When we were young (less than 35), that worked. At least we thought it was working. I successfully played in three-day volleyball tournaments in 90+ degree heat on sand too hot to stand on. And Russ had the bulging muscles you would expect of a competitive body builder (check out the picture on our bio page if you need evidence).

What we didn’t realize is youth will allow you to get away with a world of sins. You can feed a human body just about anything for 30ish years and as long as it gets enough calories it will function. Feed it a little better and it will function better. Throw in some exercise and people will laud you for being in great shape.

Now both of us believe we could have been even better athletes if we had realized the truth about nutrition and particularly animal protein. That became painfully obvious when we no longer had youth to protect us from our less than ideal dietary choices. Too much animal protein was actually HURTING our ability to build and maintain muscle mass.

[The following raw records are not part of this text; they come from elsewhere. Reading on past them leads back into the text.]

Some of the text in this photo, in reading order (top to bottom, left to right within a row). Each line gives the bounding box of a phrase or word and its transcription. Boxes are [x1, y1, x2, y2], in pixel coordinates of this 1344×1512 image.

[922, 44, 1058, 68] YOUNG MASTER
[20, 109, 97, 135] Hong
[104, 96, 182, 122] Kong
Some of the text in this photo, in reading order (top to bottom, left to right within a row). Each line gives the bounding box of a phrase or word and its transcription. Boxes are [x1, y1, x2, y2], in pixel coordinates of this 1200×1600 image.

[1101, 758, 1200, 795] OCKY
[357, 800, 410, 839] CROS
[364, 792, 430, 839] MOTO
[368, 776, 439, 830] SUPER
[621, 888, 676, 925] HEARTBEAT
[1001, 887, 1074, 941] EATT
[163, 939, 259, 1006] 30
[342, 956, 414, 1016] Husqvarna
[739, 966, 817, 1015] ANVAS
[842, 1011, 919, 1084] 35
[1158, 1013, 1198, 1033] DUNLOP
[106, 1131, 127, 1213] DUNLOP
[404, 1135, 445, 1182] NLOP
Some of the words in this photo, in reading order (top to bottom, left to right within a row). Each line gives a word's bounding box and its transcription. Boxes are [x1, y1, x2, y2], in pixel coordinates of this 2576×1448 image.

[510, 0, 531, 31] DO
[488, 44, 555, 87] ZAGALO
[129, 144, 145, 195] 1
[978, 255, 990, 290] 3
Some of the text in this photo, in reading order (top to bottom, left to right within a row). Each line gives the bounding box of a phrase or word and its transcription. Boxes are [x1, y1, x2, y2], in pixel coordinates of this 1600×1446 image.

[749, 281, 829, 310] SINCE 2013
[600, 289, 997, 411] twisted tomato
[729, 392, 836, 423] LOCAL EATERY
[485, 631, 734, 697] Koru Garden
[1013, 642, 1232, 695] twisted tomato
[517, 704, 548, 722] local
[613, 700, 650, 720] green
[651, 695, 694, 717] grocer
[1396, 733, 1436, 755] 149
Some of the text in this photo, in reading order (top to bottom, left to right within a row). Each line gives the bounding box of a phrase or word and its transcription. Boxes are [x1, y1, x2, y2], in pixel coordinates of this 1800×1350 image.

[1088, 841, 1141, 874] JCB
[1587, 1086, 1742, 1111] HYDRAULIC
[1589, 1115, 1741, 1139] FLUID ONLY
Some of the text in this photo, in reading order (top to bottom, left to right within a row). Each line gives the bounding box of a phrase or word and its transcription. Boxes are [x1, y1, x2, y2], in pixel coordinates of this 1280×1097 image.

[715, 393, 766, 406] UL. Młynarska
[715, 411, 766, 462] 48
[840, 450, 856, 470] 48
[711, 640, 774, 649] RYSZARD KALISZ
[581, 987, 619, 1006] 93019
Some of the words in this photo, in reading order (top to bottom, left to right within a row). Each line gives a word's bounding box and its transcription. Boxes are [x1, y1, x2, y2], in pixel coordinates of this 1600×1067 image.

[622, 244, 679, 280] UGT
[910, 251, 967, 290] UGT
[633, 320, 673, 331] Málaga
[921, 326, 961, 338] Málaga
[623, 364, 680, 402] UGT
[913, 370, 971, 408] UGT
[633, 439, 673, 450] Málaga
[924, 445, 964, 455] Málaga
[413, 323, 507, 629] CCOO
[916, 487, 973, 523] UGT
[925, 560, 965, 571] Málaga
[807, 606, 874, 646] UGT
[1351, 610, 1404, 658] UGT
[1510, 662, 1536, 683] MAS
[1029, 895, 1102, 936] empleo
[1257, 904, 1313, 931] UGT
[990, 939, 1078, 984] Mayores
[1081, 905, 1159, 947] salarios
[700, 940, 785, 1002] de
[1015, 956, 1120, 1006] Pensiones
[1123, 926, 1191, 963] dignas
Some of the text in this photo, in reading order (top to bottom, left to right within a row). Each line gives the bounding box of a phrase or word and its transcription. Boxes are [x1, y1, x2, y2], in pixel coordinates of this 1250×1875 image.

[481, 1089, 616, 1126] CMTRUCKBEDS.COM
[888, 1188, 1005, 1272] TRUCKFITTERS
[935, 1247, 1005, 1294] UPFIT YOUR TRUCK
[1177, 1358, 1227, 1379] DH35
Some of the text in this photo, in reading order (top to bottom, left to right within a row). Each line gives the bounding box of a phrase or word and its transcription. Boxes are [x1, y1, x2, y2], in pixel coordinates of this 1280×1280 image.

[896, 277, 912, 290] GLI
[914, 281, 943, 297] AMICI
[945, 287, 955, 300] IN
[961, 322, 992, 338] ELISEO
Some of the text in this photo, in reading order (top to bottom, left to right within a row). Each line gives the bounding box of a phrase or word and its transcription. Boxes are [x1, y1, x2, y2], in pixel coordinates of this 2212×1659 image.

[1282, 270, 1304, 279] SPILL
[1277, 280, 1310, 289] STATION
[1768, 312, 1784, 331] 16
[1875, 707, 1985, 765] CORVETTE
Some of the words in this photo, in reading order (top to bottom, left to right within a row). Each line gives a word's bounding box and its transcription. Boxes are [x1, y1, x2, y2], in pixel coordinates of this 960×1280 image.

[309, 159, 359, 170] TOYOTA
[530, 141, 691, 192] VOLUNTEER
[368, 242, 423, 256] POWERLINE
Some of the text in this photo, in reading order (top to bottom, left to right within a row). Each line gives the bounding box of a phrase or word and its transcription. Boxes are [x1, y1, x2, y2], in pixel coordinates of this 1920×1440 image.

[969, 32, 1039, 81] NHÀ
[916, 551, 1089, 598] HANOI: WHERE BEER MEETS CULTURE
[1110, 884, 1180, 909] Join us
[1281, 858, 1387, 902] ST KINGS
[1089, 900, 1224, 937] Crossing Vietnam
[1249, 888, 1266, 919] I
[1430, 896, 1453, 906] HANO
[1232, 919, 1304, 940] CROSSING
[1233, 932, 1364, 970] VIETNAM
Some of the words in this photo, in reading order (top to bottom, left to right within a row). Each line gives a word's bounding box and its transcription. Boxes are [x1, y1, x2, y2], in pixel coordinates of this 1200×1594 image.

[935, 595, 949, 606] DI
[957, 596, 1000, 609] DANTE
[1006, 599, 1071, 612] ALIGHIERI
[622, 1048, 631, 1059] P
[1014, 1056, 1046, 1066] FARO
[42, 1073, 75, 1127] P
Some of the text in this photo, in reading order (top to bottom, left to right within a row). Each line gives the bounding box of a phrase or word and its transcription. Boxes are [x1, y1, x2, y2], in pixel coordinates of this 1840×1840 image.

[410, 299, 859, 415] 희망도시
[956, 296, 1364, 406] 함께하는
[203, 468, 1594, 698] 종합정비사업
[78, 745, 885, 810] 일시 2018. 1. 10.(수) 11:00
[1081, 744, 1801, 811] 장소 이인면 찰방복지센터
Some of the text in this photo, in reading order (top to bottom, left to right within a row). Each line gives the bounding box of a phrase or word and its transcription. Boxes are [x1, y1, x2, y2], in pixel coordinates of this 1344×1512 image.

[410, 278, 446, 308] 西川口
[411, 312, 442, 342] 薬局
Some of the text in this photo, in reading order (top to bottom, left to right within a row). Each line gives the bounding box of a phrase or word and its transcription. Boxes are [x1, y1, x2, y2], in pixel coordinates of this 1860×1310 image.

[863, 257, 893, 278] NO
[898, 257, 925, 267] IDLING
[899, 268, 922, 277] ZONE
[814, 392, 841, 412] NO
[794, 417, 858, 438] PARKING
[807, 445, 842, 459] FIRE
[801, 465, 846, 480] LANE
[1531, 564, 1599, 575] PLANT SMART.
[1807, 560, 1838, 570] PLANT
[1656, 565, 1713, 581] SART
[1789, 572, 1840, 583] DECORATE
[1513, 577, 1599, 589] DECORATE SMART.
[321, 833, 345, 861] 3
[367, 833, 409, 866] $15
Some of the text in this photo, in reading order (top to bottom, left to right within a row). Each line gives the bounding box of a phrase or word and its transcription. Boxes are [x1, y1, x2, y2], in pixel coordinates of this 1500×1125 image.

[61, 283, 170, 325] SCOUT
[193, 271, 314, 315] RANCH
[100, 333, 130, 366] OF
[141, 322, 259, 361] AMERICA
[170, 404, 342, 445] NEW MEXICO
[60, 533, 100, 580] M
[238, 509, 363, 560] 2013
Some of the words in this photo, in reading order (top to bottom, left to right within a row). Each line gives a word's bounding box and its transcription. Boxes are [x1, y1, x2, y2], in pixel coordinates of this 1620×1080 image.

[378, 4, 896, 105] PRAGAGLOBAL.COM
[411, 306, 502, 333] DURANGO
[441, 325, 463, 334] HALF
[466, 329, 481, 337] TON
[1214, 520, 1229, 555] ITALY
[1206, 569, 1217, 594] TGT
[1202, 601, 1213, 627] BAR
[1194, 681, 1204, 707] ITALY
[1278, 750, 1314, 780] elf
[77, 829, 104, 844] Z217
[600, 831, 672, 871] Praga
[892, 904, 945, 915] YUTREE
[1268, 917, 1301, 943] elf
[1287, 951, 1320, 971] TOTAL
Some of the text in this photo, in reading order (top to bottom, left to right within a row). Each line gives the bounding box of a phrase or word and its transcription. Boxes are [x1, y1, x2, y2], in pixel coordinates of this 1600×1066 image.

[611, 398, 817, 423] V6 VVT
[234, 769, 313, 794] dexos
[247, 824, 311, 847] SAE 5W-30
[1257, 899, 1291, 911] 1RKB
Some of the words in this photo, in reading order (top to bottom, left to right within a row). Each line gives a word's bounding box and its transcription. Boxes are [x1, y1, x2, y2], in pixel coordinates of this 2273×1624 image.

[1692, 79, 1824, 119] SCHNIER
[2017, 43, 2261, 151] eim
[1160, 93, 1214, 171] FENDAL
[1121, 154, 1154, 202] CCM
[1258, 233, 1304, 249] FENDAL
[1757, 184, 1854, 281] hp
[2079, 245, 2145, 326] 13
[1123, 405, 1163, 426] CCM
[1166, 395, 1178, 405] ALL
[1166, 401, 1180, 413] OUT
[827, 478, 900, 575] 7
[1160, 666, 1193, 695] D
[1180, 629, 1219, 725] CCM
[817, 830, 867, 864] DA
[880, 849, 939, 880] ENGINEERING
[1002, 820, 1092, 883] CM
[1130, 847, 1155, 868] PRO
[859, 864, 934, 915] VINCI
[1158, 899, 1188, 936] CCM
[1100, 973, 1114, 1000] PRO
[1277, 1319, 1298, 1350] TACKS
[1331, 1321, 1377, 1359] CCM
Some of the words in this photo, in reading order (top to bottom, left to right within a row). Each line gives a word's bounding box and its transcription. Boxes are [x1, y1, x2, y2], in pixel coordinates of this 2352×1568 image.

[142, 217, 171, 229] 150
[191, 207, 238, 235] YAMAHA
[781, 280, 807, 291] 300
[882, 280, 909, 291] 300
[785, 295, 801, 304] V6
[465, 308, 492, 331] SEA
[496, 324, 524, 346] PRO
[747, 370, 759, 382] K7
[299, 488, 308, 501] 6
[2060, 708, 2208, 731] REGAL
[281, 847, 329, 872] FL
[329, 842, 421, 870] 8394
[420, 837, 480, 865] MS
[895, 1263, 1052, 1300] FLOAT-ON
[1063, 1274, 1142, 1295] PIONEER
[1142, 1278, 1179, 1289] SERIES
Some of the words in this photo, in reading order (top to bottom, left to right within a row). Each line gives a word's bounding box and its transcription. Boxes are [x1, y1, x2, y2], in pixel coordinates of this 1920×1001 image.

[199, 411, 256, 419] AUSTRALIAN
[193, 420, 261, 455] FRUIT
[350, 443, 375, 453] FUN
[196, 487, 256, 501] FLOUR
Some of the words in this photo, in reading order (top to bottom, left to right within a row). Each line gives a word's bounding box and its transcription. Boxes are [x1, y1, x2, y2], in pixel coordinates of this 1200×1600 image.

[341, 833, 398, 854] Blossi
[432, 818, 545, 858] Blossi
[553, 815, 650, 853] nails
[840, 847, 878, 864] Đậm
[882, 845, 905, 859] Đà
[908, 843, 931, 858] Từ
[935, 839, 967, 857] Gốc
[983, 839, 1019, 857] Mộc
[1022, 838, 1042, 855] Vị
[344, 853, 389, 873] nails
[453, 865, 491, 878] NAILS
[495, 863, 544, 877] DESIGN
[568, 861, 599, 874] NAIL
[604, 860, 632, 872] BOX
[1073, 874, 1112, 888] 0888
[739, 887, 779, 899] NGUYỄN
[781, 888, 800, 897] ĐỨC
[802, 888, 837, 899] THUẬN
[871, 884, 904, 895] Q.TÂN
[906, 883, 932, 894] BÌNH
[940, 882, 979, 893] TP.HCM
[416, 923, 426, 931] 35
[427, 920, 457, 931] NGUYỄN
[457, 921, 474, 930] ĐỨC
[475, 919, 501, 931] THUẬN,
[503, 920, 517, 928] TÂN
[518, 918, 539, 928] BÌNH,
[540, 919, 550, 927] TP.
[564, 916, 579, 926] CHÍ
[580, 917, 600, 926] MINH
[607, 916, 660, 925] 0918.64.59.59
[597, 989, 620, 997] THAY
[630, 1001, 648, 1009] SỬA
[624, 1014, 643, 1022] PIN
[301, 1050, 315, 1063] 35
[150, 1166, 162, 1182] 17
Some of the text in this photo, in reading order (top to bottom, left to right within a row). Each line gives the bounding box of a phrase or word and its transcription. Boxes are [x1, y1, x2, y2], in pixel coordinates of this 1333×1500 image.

Let me say that again – Too much animal protein is counterproductive to building muscle.

There are two factors that contribute to this problem. One – your body’s need for fuel. Two – your body’s need to recover between workouts. Too much protein causes a problem in both cases.

Your body’s need for fuel
 Every cell in the human body runs on glucose. Your brain can only run on glucose. No glucose = death. Glucose comes from carbohydrates. So, carbohydrates = fuel. If you run out of carbs to burn, your body goes to your backup battery, glycogen, stored in your liver and in your muscles. When it runs out of glycogen, it switches to burning fat AND converting amino acids (protein) into a glucose-like substance to keep you alive until you find more carbohydrates (yes this is how the keto diet causes weight loss – this is supposed to be a short-term solution to avoid death, not a way of life. Using it for weight loss causes a whole host of health problems. But that is a different article).

In the process of stopping everything to create fuel to keep you alive, your body starts to steal amino acids like alanine to convert into fuel from your muscles. So now not only are you not building muscle, you are actively breaking it down.

Your body’s need to recover
In competitive athlete circles recovery time is a top priority. The sooner your body is ready to go again, the more time you can spend practicing and getting better. Down time is lost time (As a side note, as a trained sport psychologist I disagree with this at some level because mental practice is important and can be done while the body is recovering. But again – that is a different post).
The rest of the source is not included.